US real estate prices and sales may begin to stabilize in 2010, said Stiglitz. A worsening economy and growing speculation will delay the recovery further, he said.
'Assuming we don't overshoot, we could be back at equilibrium in 12 to 18 months, but there are reasons to believe we might overshoot,' he cautioned.
The sheer number of foreclosure sales is attracting speculators. There were an average 3,100 foreclosures per day in the US in November, according to RealtyTrac Inc, the real estate data company.
Speculators track notices of default and negotiate directly with banks if a home doesn't sell at auction. Dario Moscoso bought a three-bedroom foreclosed house in San Diego three weeks ago for $490,000, half of what it would have fetched a year ago. He's renting it for $2,500 a month and plans to sell when prices rebound.

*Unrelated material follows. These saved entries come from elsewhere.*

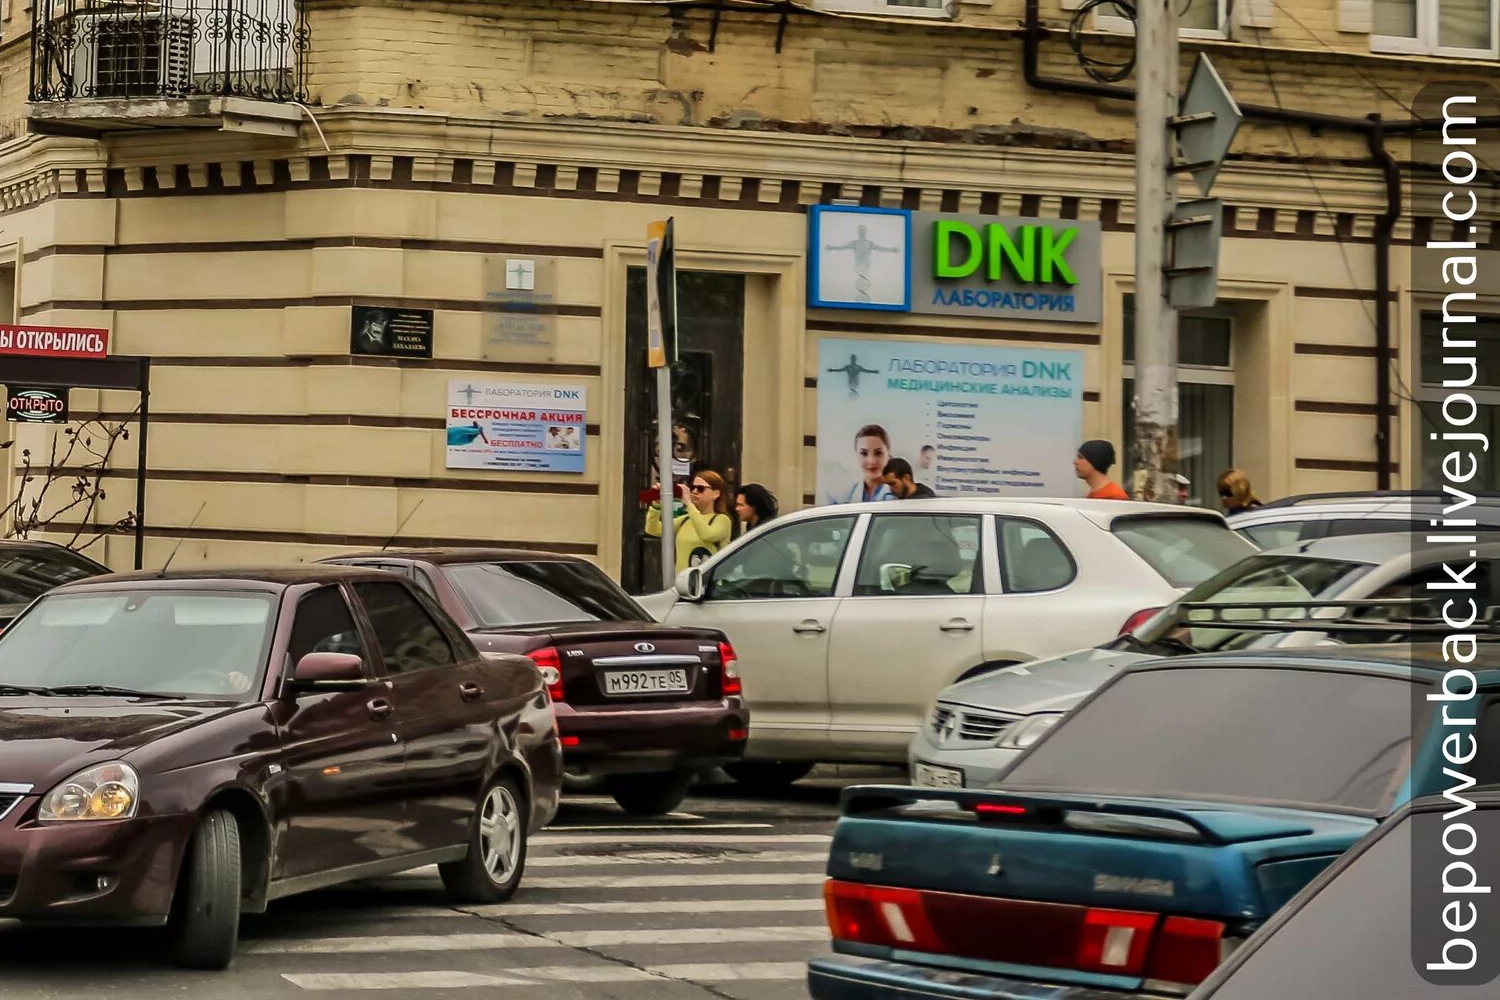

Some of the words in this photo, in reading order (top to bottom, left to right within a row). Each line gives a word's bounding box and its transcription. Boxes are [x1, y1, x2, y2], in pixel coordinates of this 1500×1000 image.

[933, 219, 1080, 286] DNK
[932, 287, 1076, 312] ЛАБОРАТОРИЯ
[16, 331, 104, 352] ОТКРЫЛИСЬ
[887, 358, 1017, 377] ЛАБОРАТОРИЯ
[1022, 360, 1072, 381] DNK
[485, 387, 551, 398] ЛАБОРАТОРИЯ
[554, 389, 580, 400] DNK
[887, 377, 998, 395] МЕДИЦИНСКИЕ
[1001, 382, 1072, 398] АНАЛИЗЫ
[10, 397, 64, 412] ОТКРЫТО
[451, 408, 536, 421] БЕССРОЧНАЯ
[540, 412, 583, 424] АКЦИЯ
[490, 439, 543, 449] БЕСПЛАТНО
[669, 671, 682, 683] 05

But it was this kind of speculative fervour that caused the property price bubble in the first place. Regular buyers are being excluded from the foreclosure market because the rules favour professional property investors, according to Dean Baker, co-director of the Center for Economic and Policy Research.
Baker said he considered buying a Washington home at a foreclosure auction last year until he learned the terms of the sale. Winning bidders had to complete the deal within 30 days, half the time of a standard property purchase, or lose their deposits. It was a risk he didn't want to take.
'This is a place where the government could step in and stop housing's downward spiral by encouraging a more user-friendly process,' he said.
Also foreclosures are usually are sold 'as is' and the properties sometimes aren't available for viewing before bidding, explained Ralph Stewart of Paul E. Saperstein Co. Auctioneers & Appraisers in Holbrook, Massachusetts.
'If you're a first time buyer with a young family, do you really want to buy a home sight unseen and risk losing your down payment?. Investors know how to close a deal quickly and they don't care what it looks like. They're either going to rent it or flip it,' he said.